**SUPPLIED ENTRIES**
┏━━

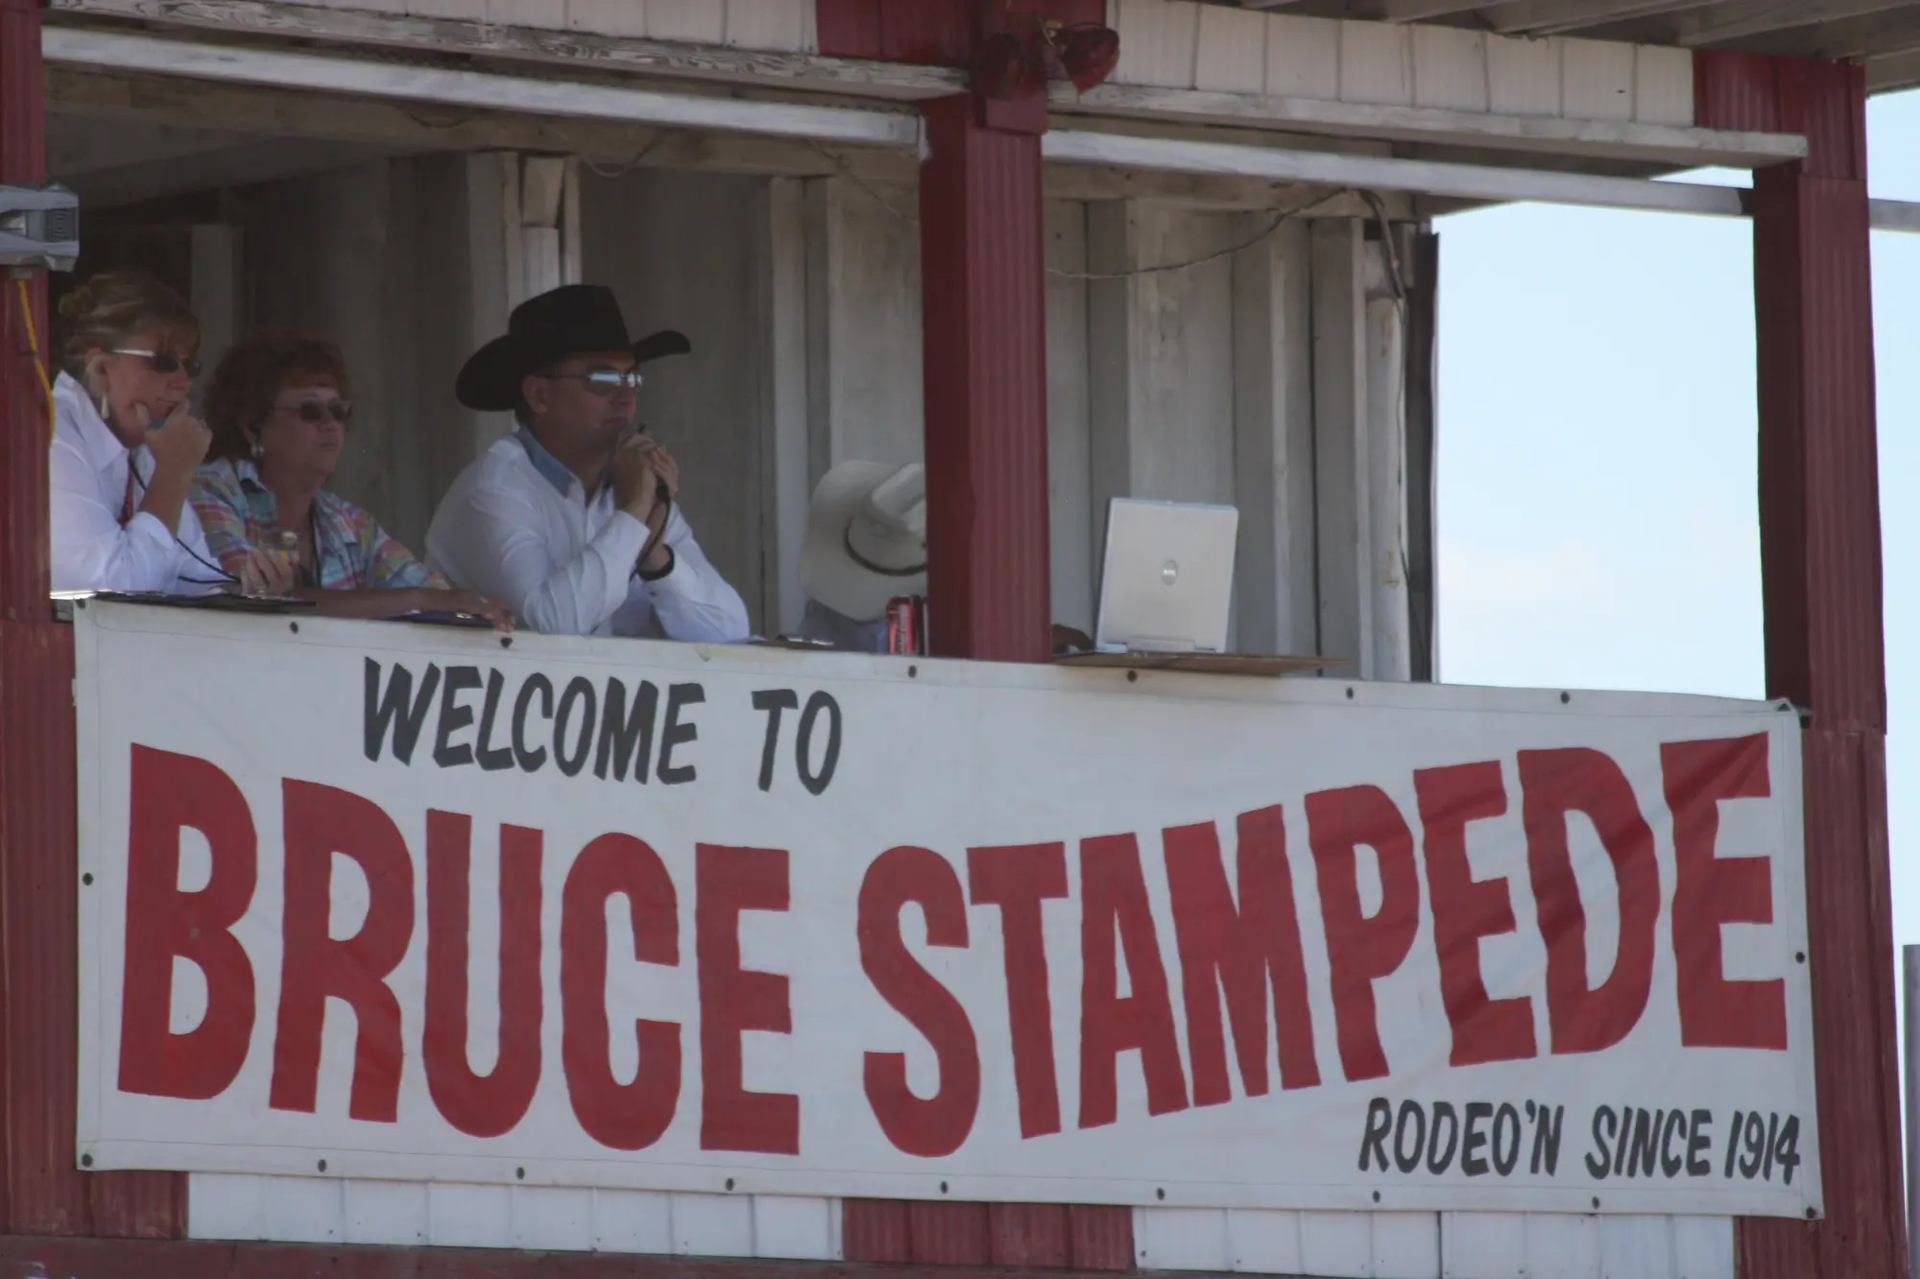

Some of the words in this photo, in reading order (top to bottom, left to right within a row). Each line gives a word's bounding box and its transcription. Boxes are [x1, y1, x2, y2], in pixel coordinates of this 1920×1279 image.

[364, 655, 707, 786] WELCOME
[751, 688, 843, 796] TO
[118, 742, 799, 1155] BRUCE
[858, 732, 1788, 1157] STAMPEDE
[1357, 1096, 1565, 1178] RODEO'N
[1583, 1104, 1713, 1180] SINCE
[1723, 1110, 1802, 1186] 1914
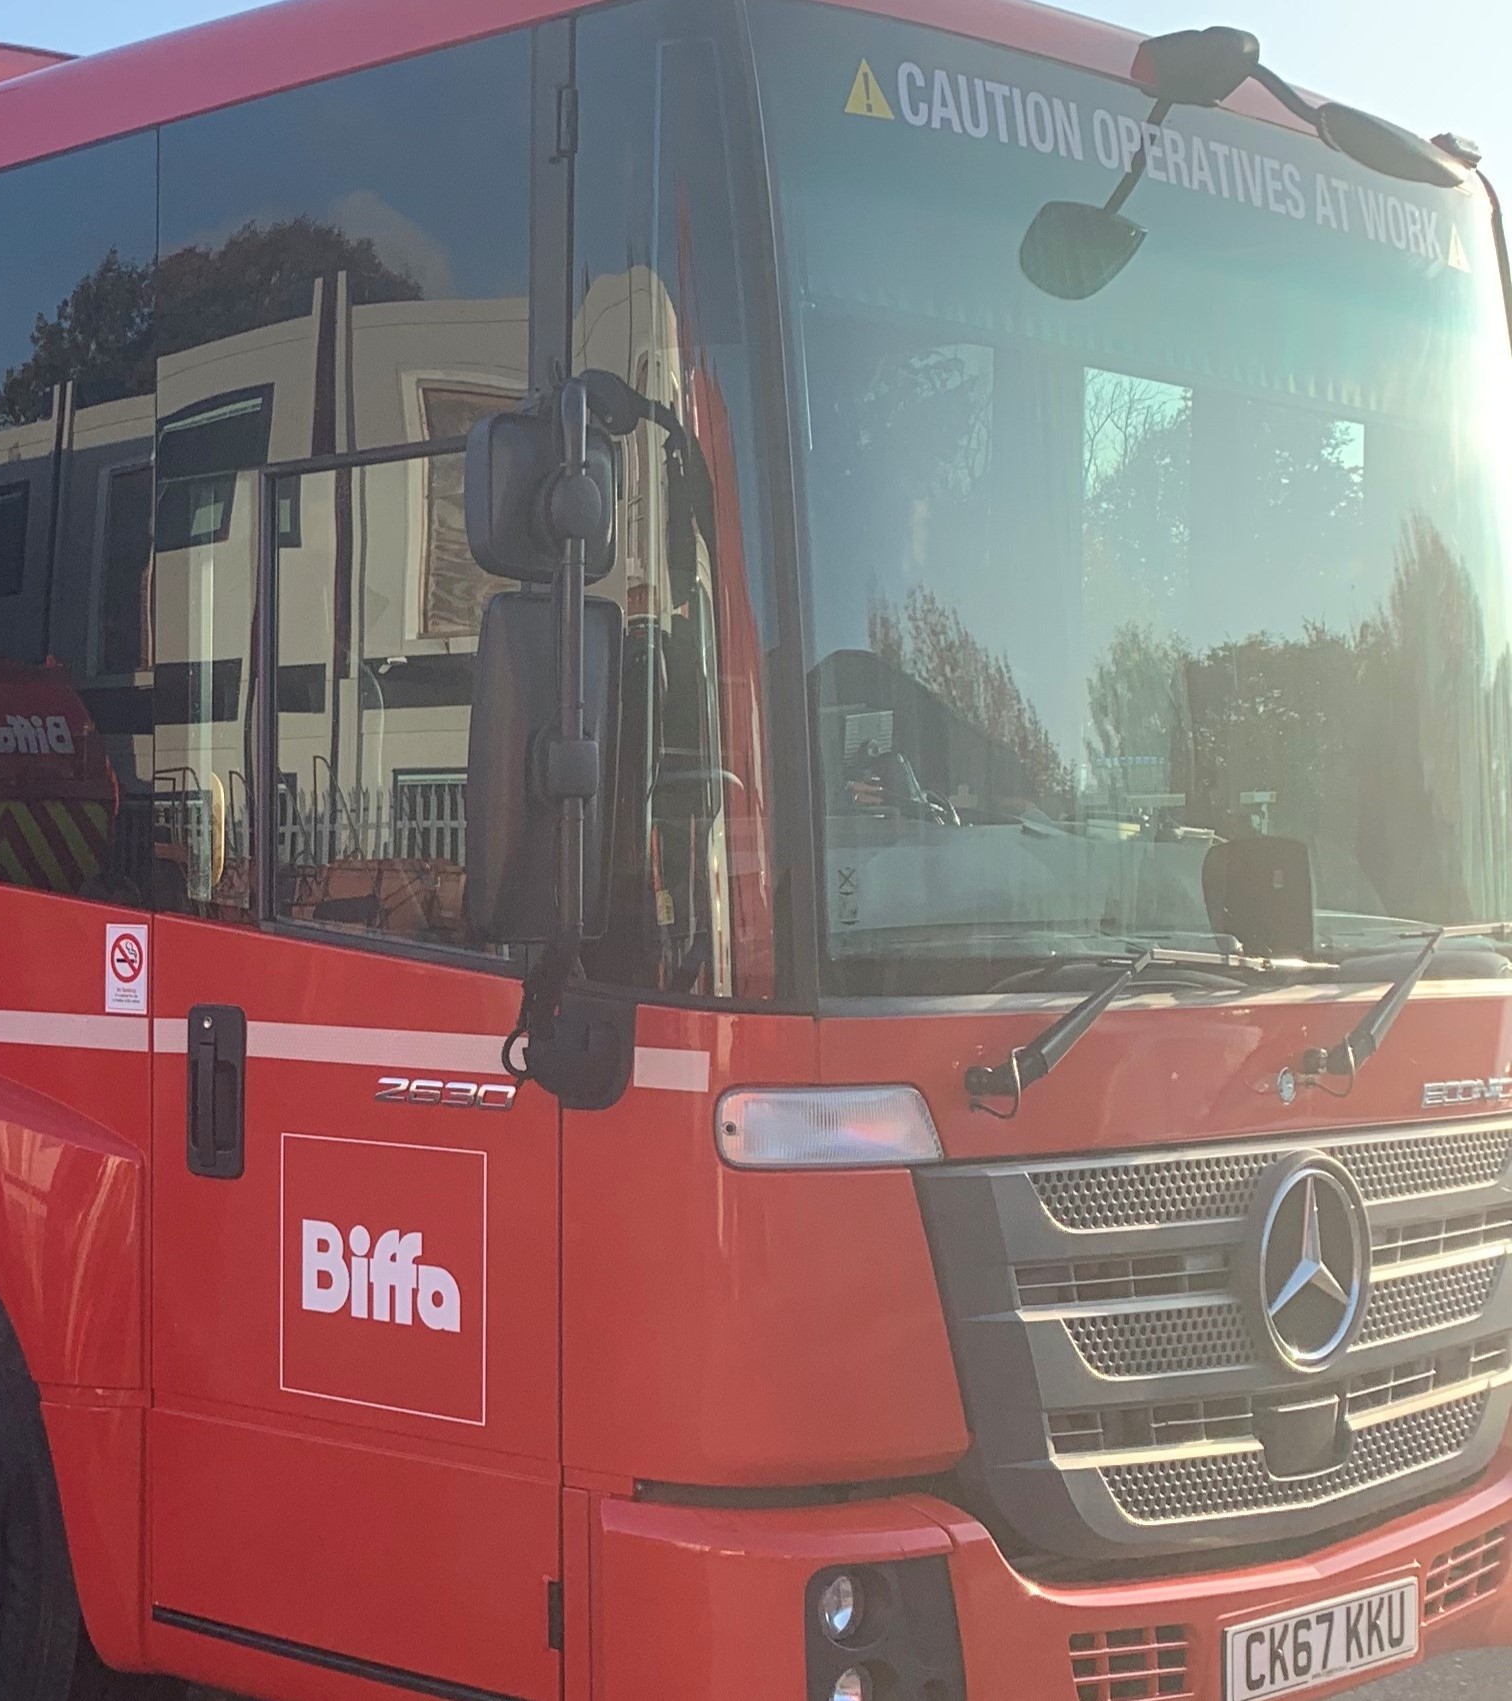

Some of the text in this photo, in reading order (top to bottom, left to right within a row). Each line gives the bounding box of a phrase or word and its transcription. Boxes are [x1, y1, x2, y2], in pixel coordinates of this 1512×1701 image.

[897, 61, 1444, 260] CAUTION OPERATIVES AT WORK
[374, 1077, 517, 1111] 2630
[302, 1218, 461, 1332] Biffa
[1245, 1590, 1405, 1691] CK67 KKU

┗━━

**WHAT TO DO**
Go through the material above and print all of it exactly, except the pictures.

**RESULT OF THE EXERCISE**
Some of the words in this photo, in reading order (top to bottom, left to right within a row). Each line gives a word's bounding box and its transcription. Boxes are [x1, y1, x2, y2], in pixel coordinates of this 1920×1279 image.

[364, 655, 707, 786] WELCOME
[751, 688, 843, 796] TO
[118, 742, 799, 1155] BRUCE
[858, 732, 1788, 1157] STAMPEDE
[1357, 1096, 1565, 1178] RODEO'N
[1583, 1104, 1713, 1180] SINCE
[1723, 1110, 1802, 1186] 1914

Some of the text in this photo, in reading order (top to bottom, left to right within a row). Each line gives the bounding box of a phrase or word and its transcription. Boxes are [x1, y1, x2, y2], in pixel coordinates of this 1512×1701 image.

[897, 61, 1444, 260] CAUTION OPERATIVES AT WORK
[374, 1077, 517, 1111] 2630
[302, 1218, 461, 1332] Biffa
[1245, 1590, 1405, 1691] CK67 KKU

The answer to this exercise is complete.